DATA FOR THIS TASK section start

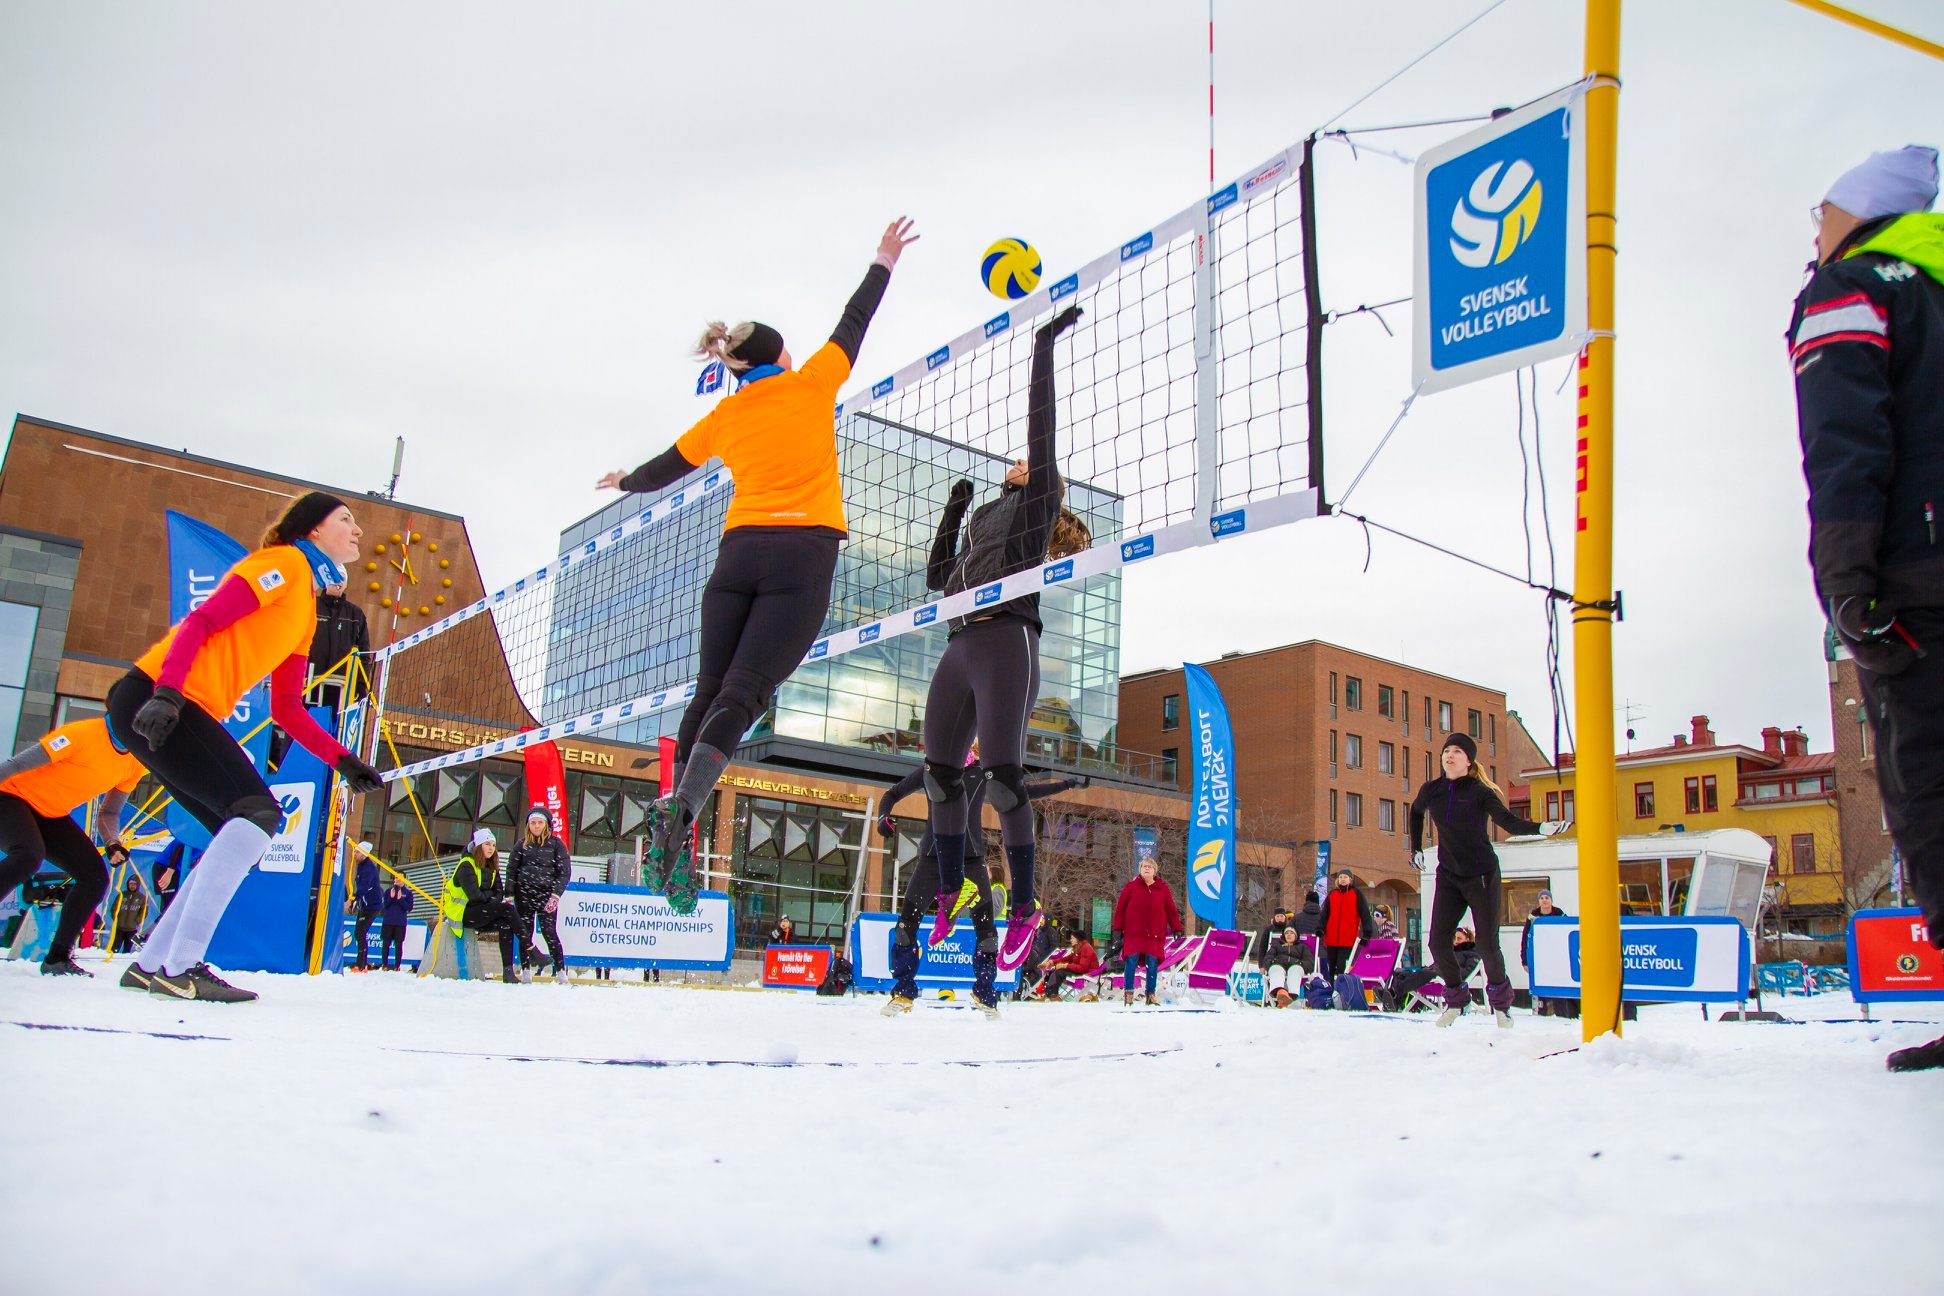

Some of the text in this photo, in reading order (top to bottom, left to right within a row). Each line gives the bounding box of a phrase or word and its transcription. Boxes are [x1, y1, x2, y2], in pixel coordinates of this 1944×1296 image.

[1460, 275, 1528, 317] SVENSK
[1441, 294, 1551, 346] VOLLEYBOLL
[271, 843, 294, 852] SVENSK
[264, 853, 300, 862] VOLLEYBOLL
[578, 901, 628, 915] SWEDISH
[564, 916, 714, 933] NATIONAL CHAMPIONSHIPS
[589, 930, 657, 946] ÖSTERSUND
[1622, 944, 1657, 956] VENSK
[1623, 957, 1684, 970] OLLEYBOLL
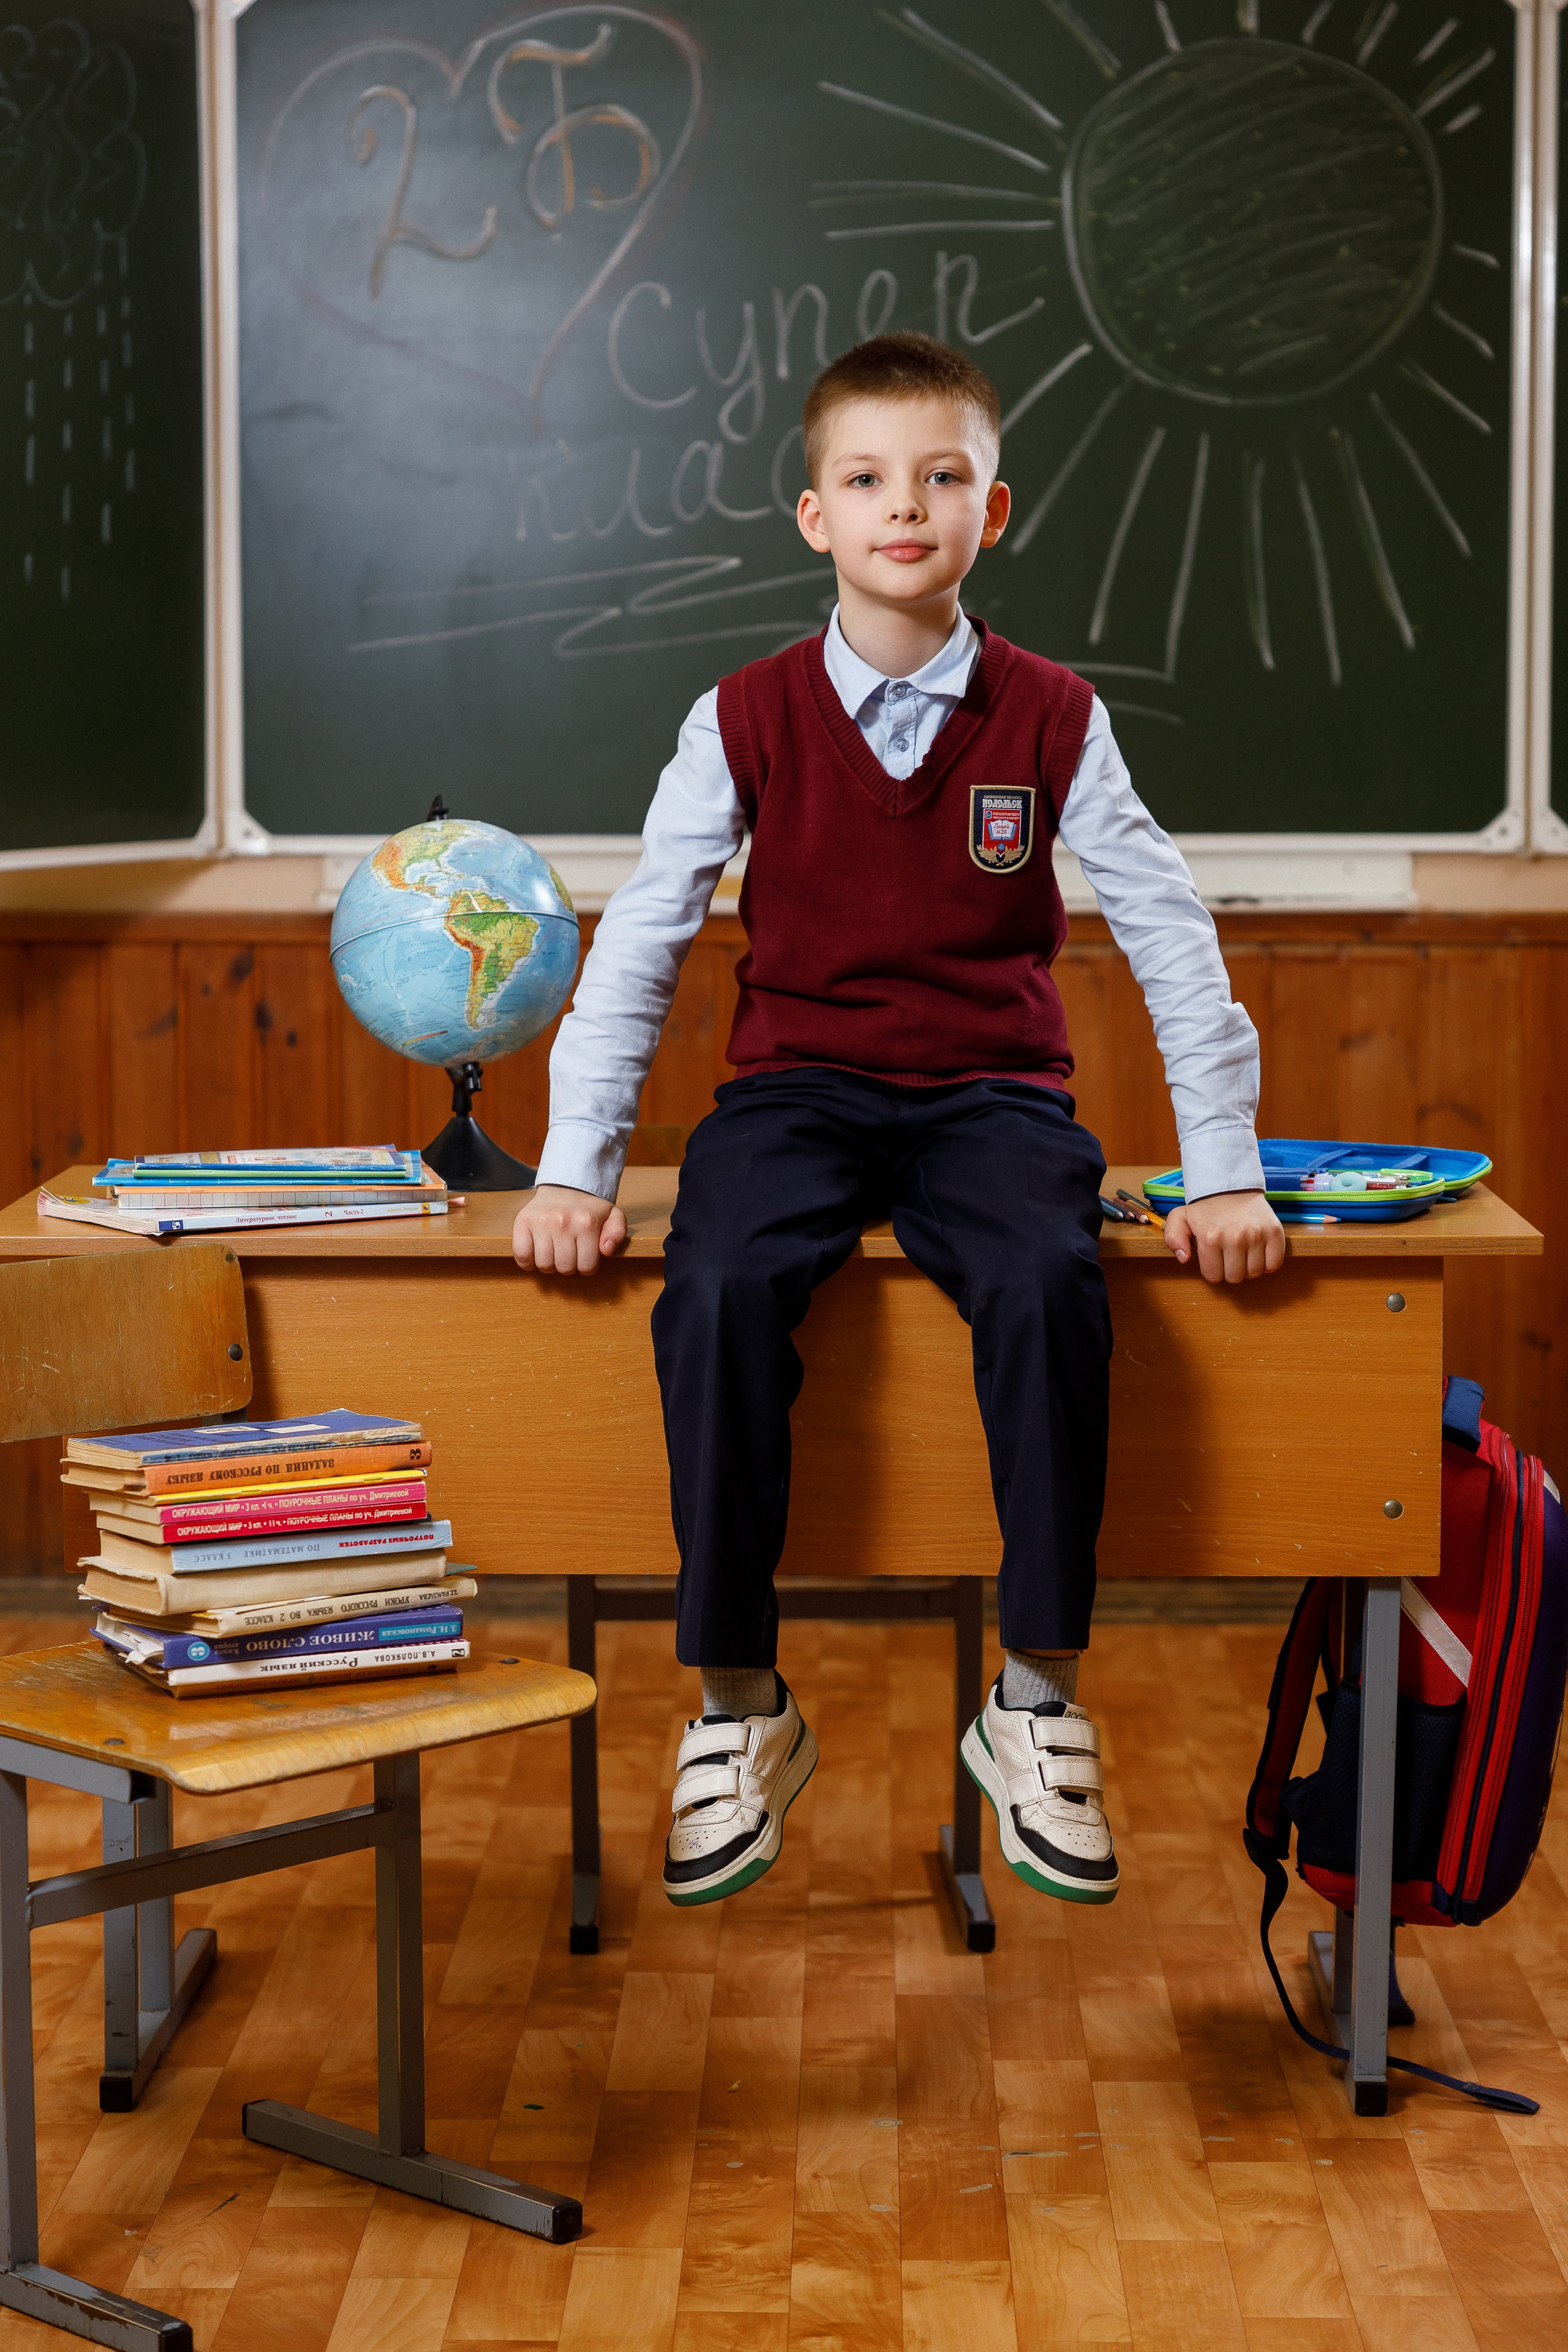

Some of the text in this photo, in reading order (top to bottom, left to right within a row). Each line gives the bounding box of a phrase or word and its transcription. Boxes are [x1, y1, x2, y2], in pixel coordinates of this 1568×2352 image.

[982, 799, 1022, 809] ПОДОЛЬСК
[235, 1215, 276, 1224] Литературное
[409, 1448, 421, 1460] 3
[166, 1458, 335, 1485] ЗАДАНИЯ ПО РУССКОМУ ЯЗЫКУ
[172, 1503, 224, 1518] ОКРУЖАЮЩИЙ
[225, 1503, 240, 1512] МИР
[245, 1502, 250, 1512] 3
[279, 1495, 322, 1509] ПОУРОЧНЫЕ
[323, 1493, 349, 1504] ПЛАНЫ
[359, 1494, 368, 1503] уч.
[369, 1488, 409, 1500] Дмитриевой
[177, 1522, 228, 1537] ОКРУЖАЮЩИЙ
[228, 1521, 243, 1531] МИР
[248, 1521, 252, 1529] 3
[287, 1513, 328, 1526] ПОУРОЧНЫЕ
[329, 1511, 354, 1522] ПЛАНЫ
[364, 1510, 373, 1520] уч.
[374, 1507, 412, 1518] Дмитриевой
[339, 1534, 434, 1548] ПОУРОЧНЫЕ РАЗРАБОТКИ
[194, 1553, 224, 1562] КЛАСС
[244, 1545, 304, 1558] МАТЕМАТИКЕ
[341, 1600, 379, 1612] РУССКОГО
[385, 1596, 410, 1606] УРОКИ
[290, 1610, 301, 1619] ВО
[307, 1605, 333, 1616] ЯЗЫКА
[244, 1614, 274, 1626] КЛАССЕ
[279, 1613, 285, 1622] 2
[382, 1627, 437, 1637] Романовская
[246, 1630, 375, 1652] ЖИВОЕ СЛОВО
[260, 1656, 359, 1672] Русский язык

DATA FOR THIS TASK section end

• _TRY IT_: Write the records out once more, exactly as they appear, with no pictures.

• _OUTPUT BELOW_:
Some of the text in this photo, in reading order (top to bottom, left to right within a row). Each line gives the bounding box of a phrase or word and its transcription. Boxes are [x1, y1, x2, y2], in pixel coordinates of this 1944×1296 image.

[1460, 275, 1528, 317] SVENSK
[1441, 294, 1551, 346] VOLLEYBOLL
[271, 843, 294, 852] SVENSK
[264, 853, 300, 862] VOLLEYBOLL
[578, 901, 628, 915] SWEDISH
[564, 916, 714, 933] NATIONAL CHAMPIONSHIPS
[589, 930, 657, 946] ÖSTERSUND
[1622, 944, 1657, 956] VENSK
[1623, 957, 1684, 970] OLLEYBOLL

Some of the text in this photo, in reading order (top to bottom, left to right within a row). Each line gives the bounding box of a phrase or word and its transcription. Boxes are [x1, y1, x2, y2], in pixel coordinates of this 1568×2352 image.

[982, 799, 1022, 809] ПОДОЛЬСК
[235, 1215, 276, 1224] Литературное
[409, 1448, 421, 1460] 3
[166, 1458, 335, 1485] ЗАДАНИЯ ПО РУССКОМУ ЯЗЫКУ
[172, 1503, 224, 1518] ОКРУЖАЮЩИЙ
[225, 1503, 240, 1512] МИР
[245, 1502, 250, 1512] 3
[279, 1495, 322, 1509] ПОУРОЧНЫЕ
[323, 1493, 349, 1504] ПЛАНЫ
[359, 1494, 368, 1503] уч.
[369, 1488, 409, 1500] Дмитриевой
[177, 1522, 228, 1537] ОКРУЖАЮЩИЙ
[228, 1521, 243, 1531] МИР
[248, 1521, 252, 1529] 3
[287, 1513, 328, 1526] ПОУРОЧНЫЕ
[329, 1511, 354, 1522] ПЛАНЫ
[364, 1510, 373, 1520] уч.
[374, 1507, 412, 1518] Дмитриевой
[339, 1534, 434, 1548] ПОУРОЧНЫЕ РАЗРАБОТКИ
[194, 1553, 224, 1562] КЛАСС
[244, 1545, 304, 1558] МАТЕМАТИКЕ
[341, 1600, 379, 1612] РУССКОГО
[385, 1596, 410, 1606] УРОКИ
[290, 1610, 301, 1619] ВО
[307, 1605, 333, 1616] ЯЗЫКА
[244, 1614, 274, 1626] КЛАССЕ
[279, 1613, 285, 1622] 2
[382, 1627, 437, 1637] Романовская
[246, 1630, 375, 1652] ЖИВОЕ СЛОВО
[260, 1656, 359, 1672] Русский язык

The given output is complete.